Carhart, who had been dividing his attention between the unloading of the trains and the preparations of his division engineers, came riding up the knoll on “Texas,” his compact little roan, a horse he had ridden and boasted about in a quiet way for nearly four years. John Flint, thin and stooping of body, with a scrawny red mustache and high-pitched voice, soon rode in over the grade from the farther side of the right of way, where he was packing up his outfit for the long haul to the La Paz River. The instrument men and their assistants followed, one by one, and fell in line at the tin wash-basin, all exuberant with banter and laughter and high-spirited play. And at last the headquarters cook, a stout negro, came out in front of the mess tent and beat his gong with mighty strokes; and Harry Scribner, who was jogging back to camp from his corral, heard it, dug in his spurs, and came up the long knoll on the gallop.

There was no escaping the joviality of this first evening meal in camp. In the morning the party would break up. Scribner would ride ahead a dozen miles to make a division camp of his own; John Flint would be pushing out there into the sunset for the better part of a week, across the desert, through the gray hills, and down to the yellow La Paz. The youngsters were shy at first; but after Tiffany had winked and said, “It’ll never do to start this dry, boys,” and had produced a bottle from some mysterious corner, they felt easier. Even Carhart, for the time, laid aside the burden which, like Christian, he must carry for many days. A good many stories were told, most of them by Tiffany, who had run the gamut of railroading, north, south, east, and west.

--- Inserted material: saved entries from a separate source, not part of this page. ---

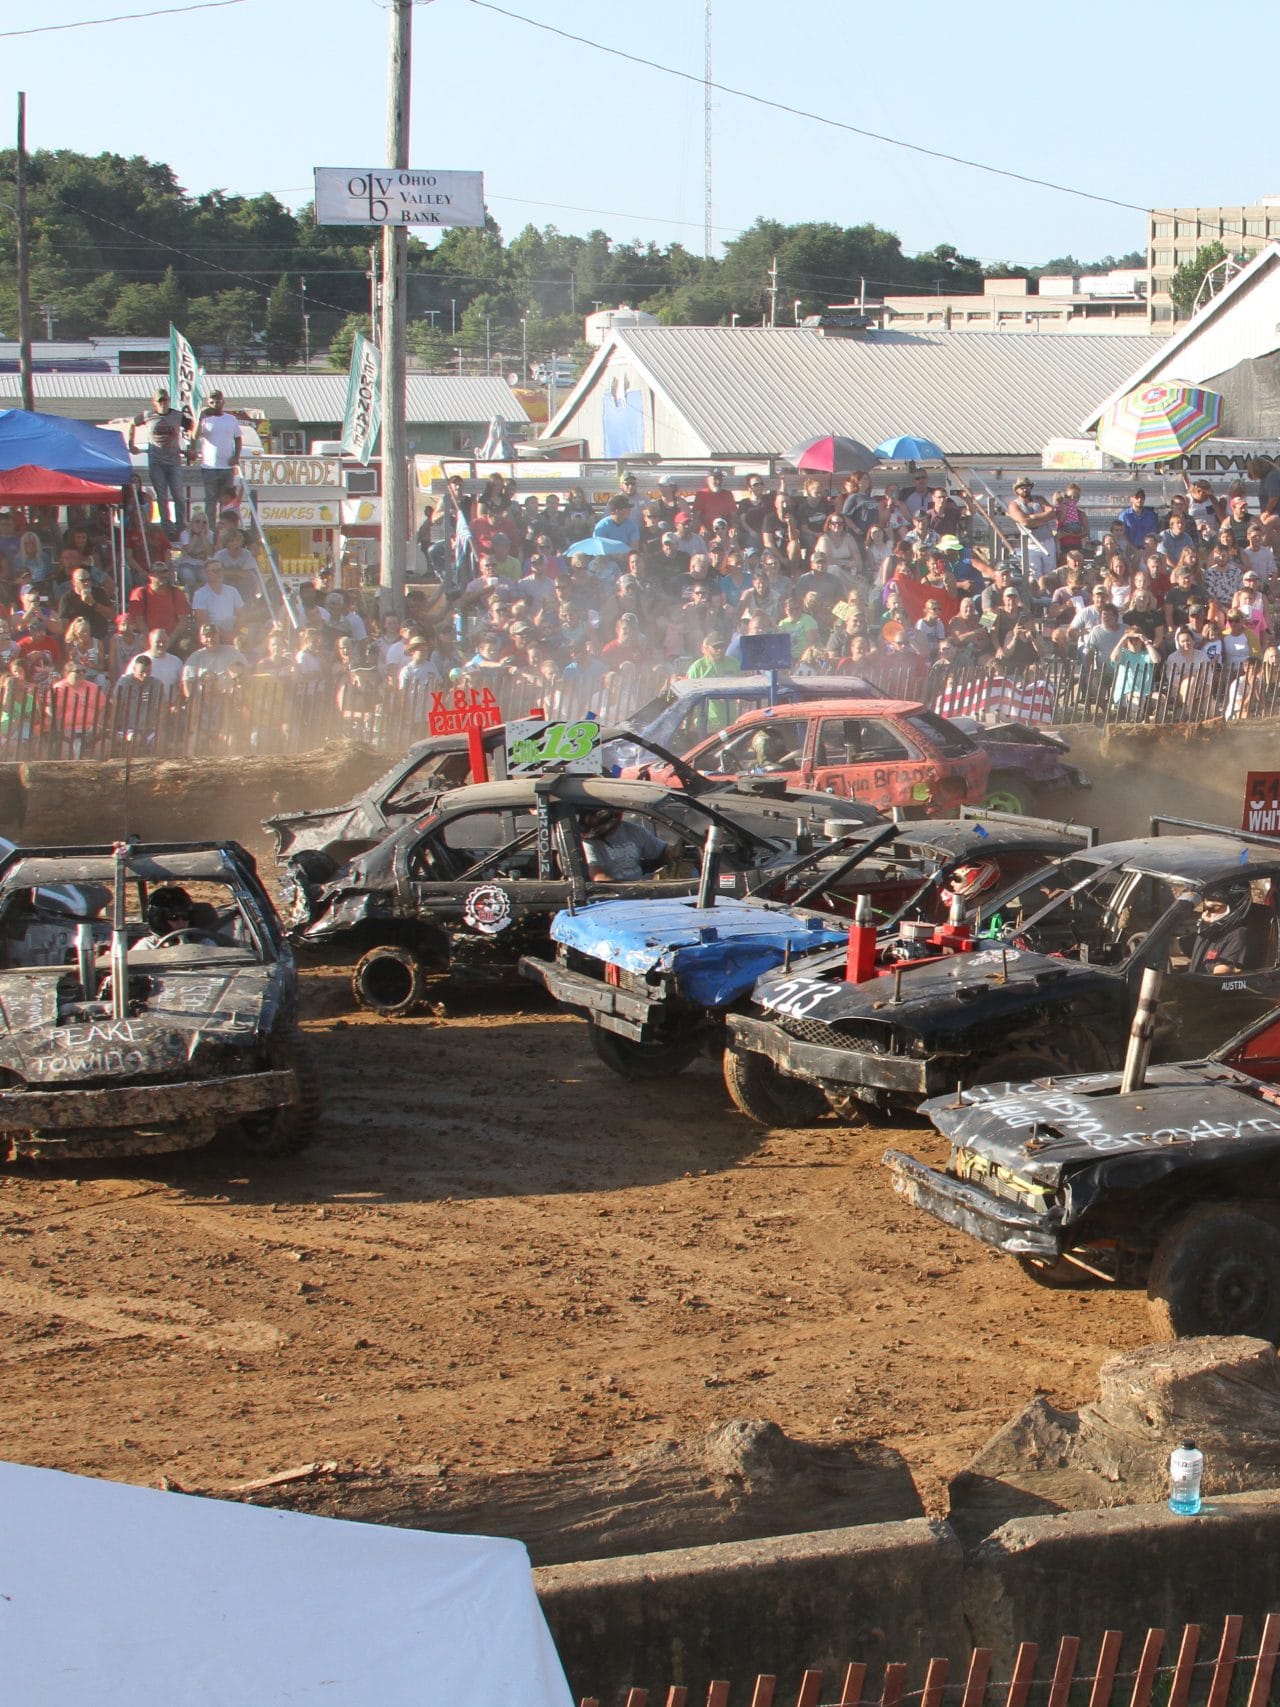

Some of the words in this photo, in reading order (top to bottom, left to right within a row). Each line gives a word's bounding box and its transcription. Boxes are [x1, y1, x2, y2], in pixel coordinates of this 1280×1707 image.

[261, 507, 315, 520] SHAKES
[536, 721, 600, 761] 13
[762, 977, 843, 1018] 513
[1221, 980, 1248, 991] AUSTIN
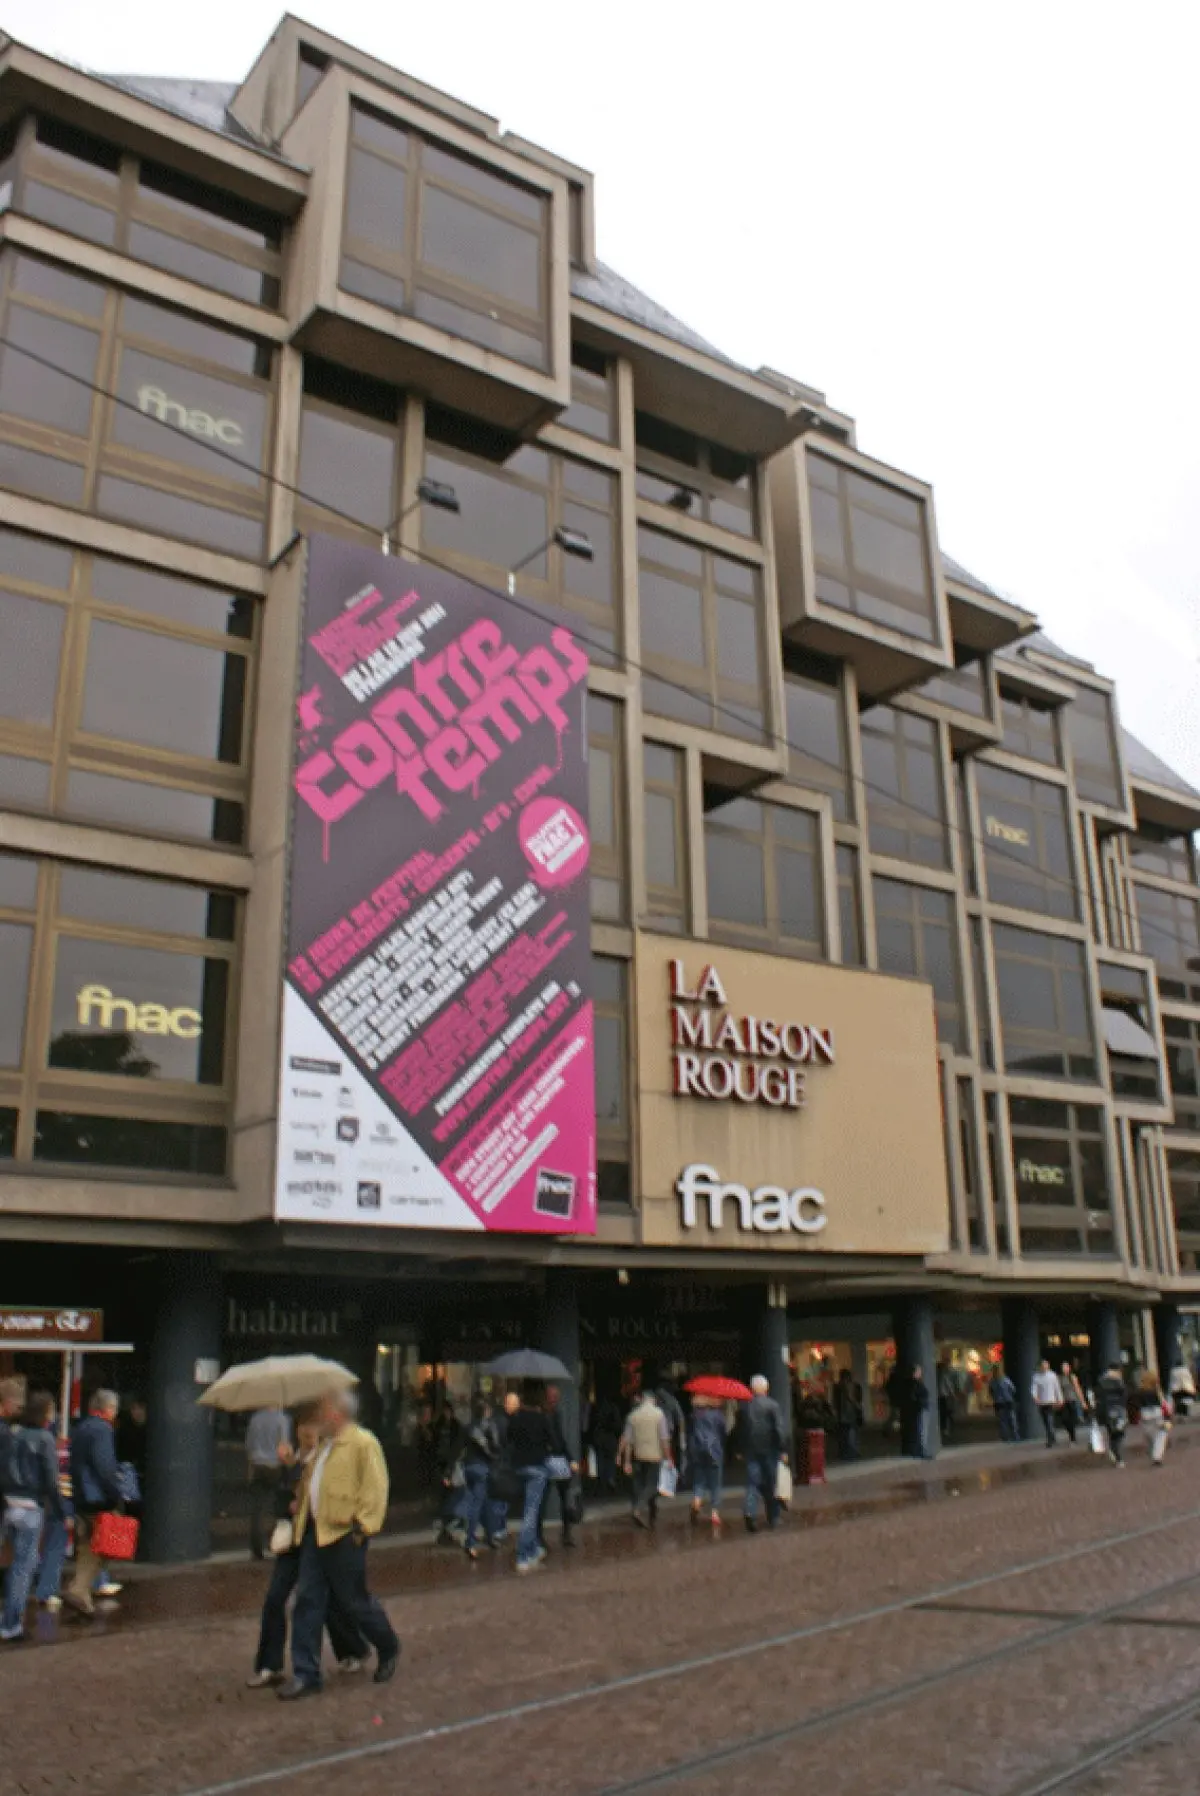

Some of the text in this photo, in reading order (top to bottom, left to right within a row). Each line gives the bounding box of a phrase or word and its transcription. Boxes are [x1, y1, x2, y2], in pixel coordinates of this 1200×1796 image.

[138, 385, 244, 446] fnac
[295, 617, 521, 822] contre
[669, 959, 727, 1005] LA
[76, 984, 203, 1039] fnac
[670, 1006, 834, 1064] MAISON
[673, 1053, 806, 1109] ROUGE
[676, 1163, 827, 1233] fnac
[226, 1297, 341, 1337] habitat

“That was a great time we had up at Pittsburgh,” said he, “when I stole the gondola cars,” – he placed the accent on the do , – “best thing I ever did. That was when I was on the Almighty and Great Windy that used to run from Pittsburg up to the New York State line. I was acting as a sort of traffic superintendent, among other things, – we had to do all sorts of work then; no picking and choosing and no watching the clock for us.” He turned on the long-nosed instrument man. “That was when you were just about a promising candidate for long pants, my friend.”

“We had a new general manager – named MacBayne. He didn’t know anything about railroading, – had been a telegraph operator and Durfee’s nephew, – yes, the same old Commodore, it was, – and, getting boosted up quick, that way, he got into that frame of mind where he wouldn’t ever have contradicted you if you’d said he was the Almighty and Great Windy. First thing he did was to put in a system of bells to call us to his office, – but I didn’t care such a heap. He enjoyed it so. He’d lean back and pull a little handle, and then be too busy to talk when one of us came running in – loved to make us stand around a spell. Hadn’t but one eye, MacBayne hadn’t, and you never could tell for downright certain who he was swearing at.

“The company had bought a little railroad, the P. G. – Pittsburg and Gulf, – for four hundred and fifty thousand. Just about such a line as our Paradise spur, only instead of the directors buying it personal, they’d bought it for the company.

“One day my little bell tinkled, and I got up and went into the old man’s office. He was smoking a cigar and trying to look through a two-foot wall into Herb Williams’s pickle factory. Pretty soon he swung his one good eye around on me and looked at me sharp. ‘Hen,’ he said, ‘we’re in a fix. We haven’t paid but two hundred thousand on the P.G. – and what’s more, that’s all we can pay.’

“‘Well, sir,’ said I, ‘what’s the trouble?’ It’s funny – he’s always called me Hen, and I’ve always called him sir and Mister MacBayne. He ain’t anybody to-day, but if I went back to Pittsburg to-morrow and met him in Morrison’s place, he’d say, ‘Well, Hen, how’re you making it?’ and I’d say, ‘Pretty well, Mister MacBayne.’ – Ain’t it funny? Can’t break away from it.